Mr. Tanner’s best known films of the 1970s, written with the English novelist, critic and Marxist theorist John Berger, concern the legacies of the tumultuous ’60s.

“The Middle of the World” (1974), explores a love affair between an Italian waitress at a railroad cafe and a married engineer who is running for the Swiss Parliament, but also the class tensions between them.

Mr. Tanner’s film “Jonah Who Will Be 25 in the Year 2000” (1976), with the actors Myriam Mézières and Jean-Luc Bideau.Credit…Citel Films

“Jonah Who Will Be 25 in the Year 2000” (1976), focuses on a group of disillusioned friends in Geneva — including an activist-turned-proofreader, an itinerant history professor and a trade unionist — who are prone to extemporizing on topics as diverse as capitalism, revolution, train travel and sex.

“Each of the characters is, in his or her own way, as surrounded as Switzerland, hemmed in,” Mr. Canby wrote in The Times in 1976. But, he added, “they have not been anesthetized by mediocrity into dreamless boredom.”

Alain Tanner was born on Dec. 6, 1929, in Geneva. His father was a publicist, writer and poet; his mother was a painter.

Growing up in Romandy, the French-speaking region in western Switzerland, Mr. Tanner felt alienated from the country’s German-speaking majority. “Switzerland exists much more for the German Swiss than for us,” he was quoted as saying in a 1976 interview with the film critic James Monaco. “They have a real identity, while we don’t.”

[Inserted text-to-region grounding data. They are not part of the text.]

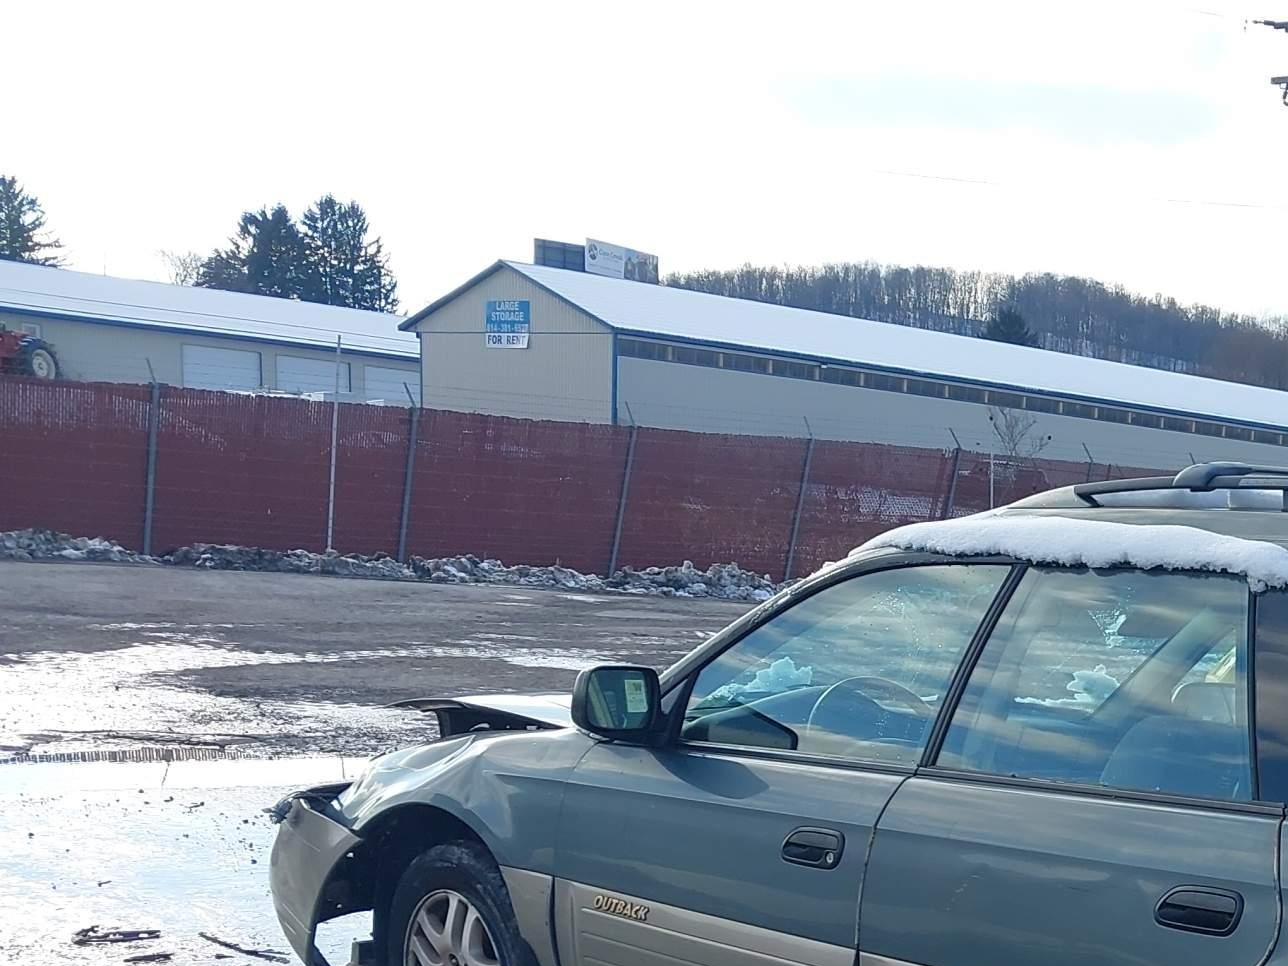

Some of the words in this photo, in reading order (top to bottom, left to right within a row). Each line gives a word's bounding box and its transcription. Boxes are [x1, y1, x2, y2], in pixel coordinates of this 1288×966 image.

[496, 301, 520, 311] LARGE
[491, 311, 525, 321] STORAGE
[487, 334, 503, 345] FOR
[506, 335, 526, 345] RENT
[593, 895, 650, 921] OUTBACK

A lover of movies since childhood, he experienced an epiphany as a teenager when he discovered Italian neorealist directors like Vittorio De Sica and Roberto Rossellini. At the University of Geneva, Mr. Tanner studied economics, but his real passion was for film. He started a campus film club with Claude Goretta, who would help found the Group of 5. Seeking adventure beyond his native country, he joined the merchant navy after graduation.

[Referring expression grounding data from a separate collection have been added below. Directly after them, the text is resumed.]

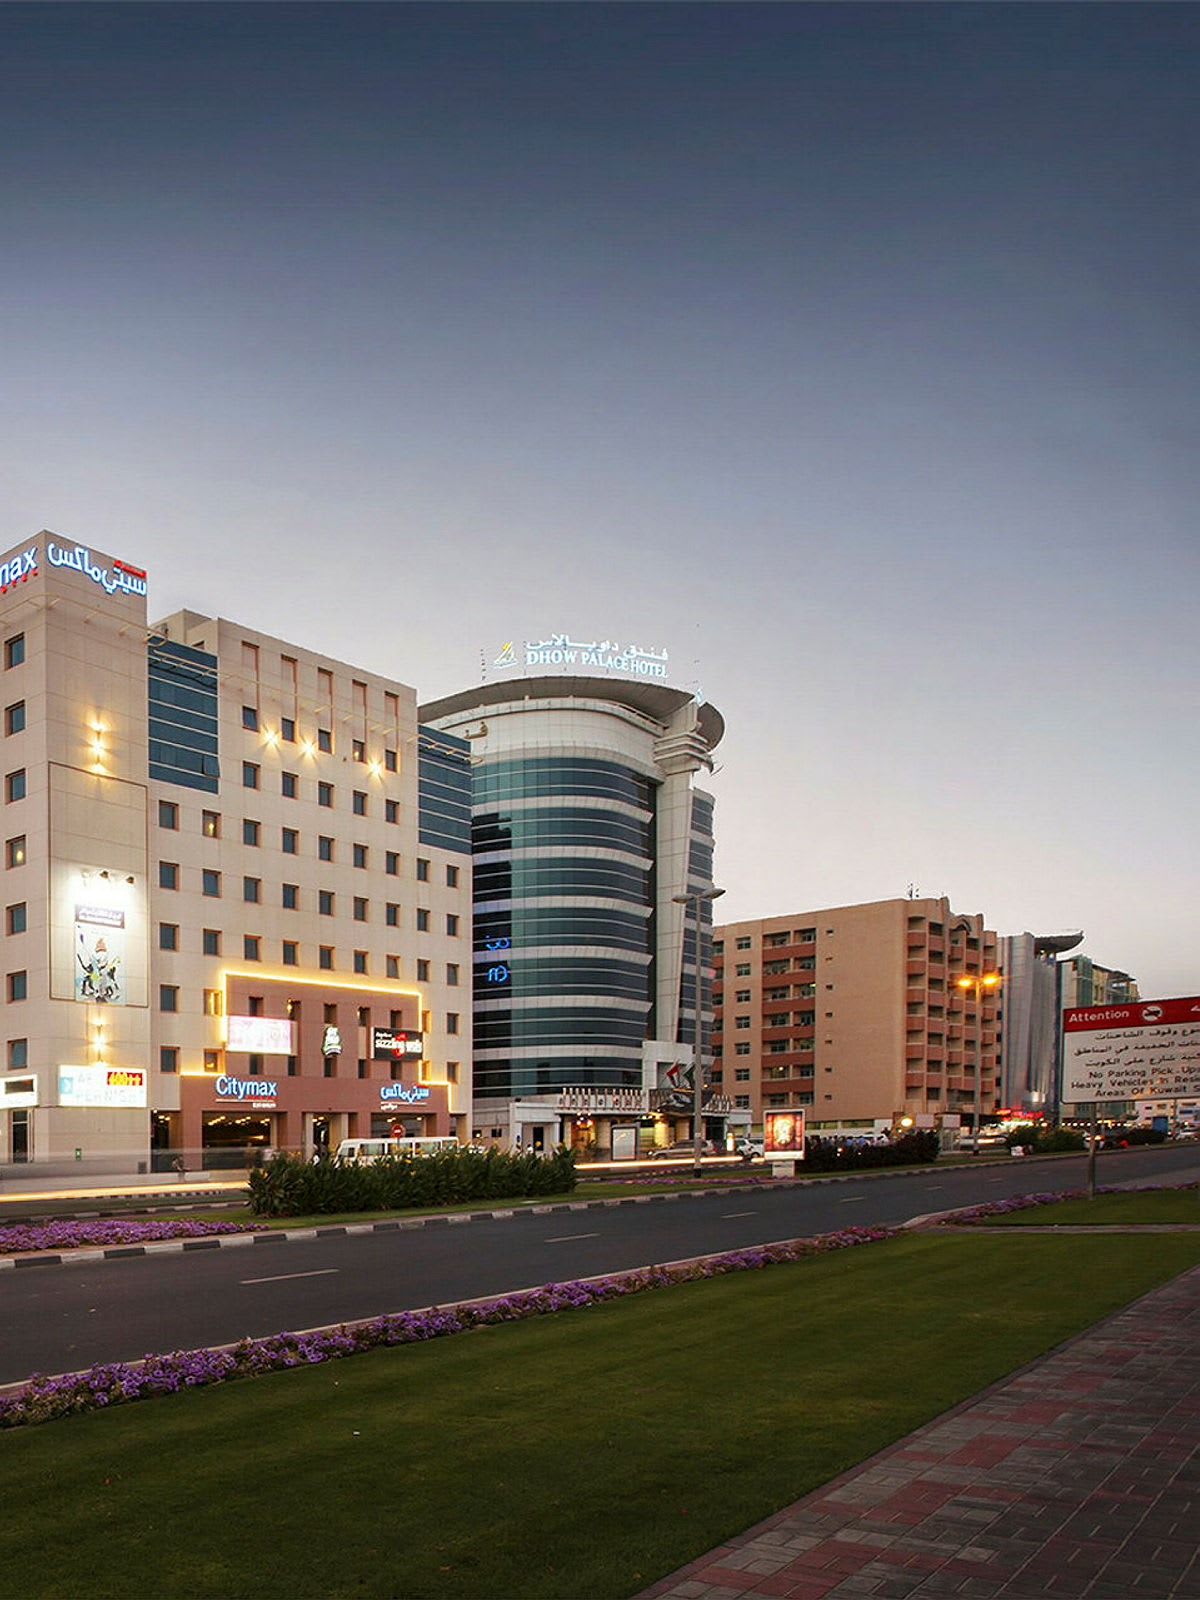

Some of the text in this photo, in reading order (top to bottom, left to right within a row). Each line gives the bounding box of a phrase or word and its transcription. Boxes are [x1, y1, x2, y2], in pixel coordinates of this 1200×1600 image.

[526, 649, 668, 678] DHOW PALACE HOTEL
[1069, 1010, 1129, 1023] Attention
[1088, 1071, 1103, 1079] No
[1107, 1069, 1146, 1078] Parking
[1151, 1066, 1173, 1075] Pick
[216, 1076, 277, 1099] Citymax
[1071, 1081, 1103, 1089] Heavy
[1109, 1076, 1154, 1087] Vehicles
[1095, 1089, 1126, 1097] Areas
[1150, 1085, 1187, 1094] Kuwait
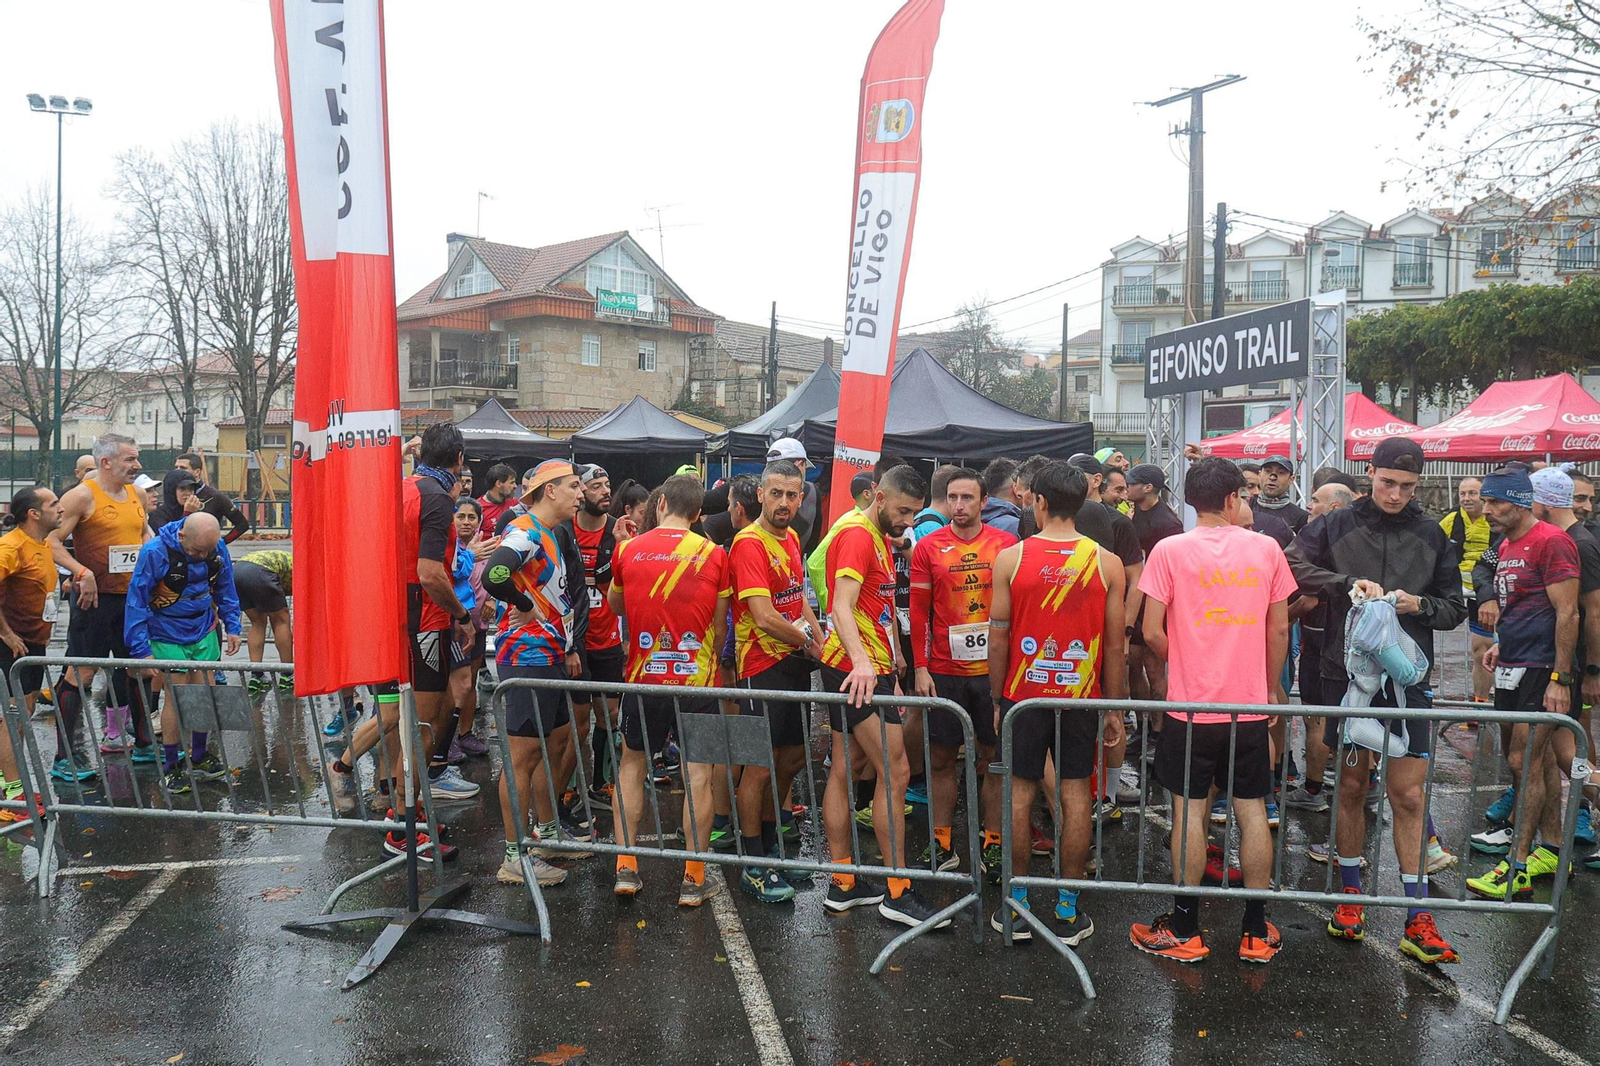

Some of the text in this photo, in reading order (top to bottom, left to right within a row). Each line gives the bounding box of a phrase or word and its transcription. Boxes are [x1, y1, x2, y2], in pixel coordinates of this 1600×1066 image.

[843, 189, 873, 356] CONCELLO
[855, 209, 892, 338] DE VIGO
[1150, 319, 1300, 385] EIFONSO TRAIL
[1500, 435, 1538, 451] Coca-Cola
[121, 552, 137, 563] 76
[965, 633, 986, 648] 86

In the mid-1950s, Mr. Tanner and Mr. Goretta settled in London, where they found work curating archives and subtitling films for the British Film Institute. They befriended the young directors Lindsay Anderson and Karel Reisz, who were involved with a budding school of documentary filmmaking called Free Cinema. In 1957, Mr. Tanner and Mr. Goretta joined the movement with “Nice Time,” a 17-minute documentary rumination about Piccadilly Circus at night. It won the prize for experimental film at the Venice Film Festival.

Returning to Switzerland a few years later, Mr. Tanner directed for television before forming the Group of 5 in 1968; besides Mr. Goretta, the others were Michel Soutter, Jean-Louis Roy and Jean-Jacques Lagrange. His first feature, “Charles Dead or Alive,” won the top prize at the Locarno Film Festival.

Mr. Tanner is survived by his wife, Janine; two daughters, Nathalie and Cécile; and three grandchildren.

By the end of his career he had made 21 feature films, including the erotic psychological dramas “A Flame in My Heart” (1987) and “The Diary of Lady M” (1993), along with numerous documentaries for Swiss television.

A director once invigorated by the spirit of revolution had long ago mellowed in his political passions.

“I believe that neither capitalism nor Communism does anybody any good,” Mr. Tanner said in a 1976 Times interview. “I’m not so much politically minded; I think more about the individual and peoples’ lives.”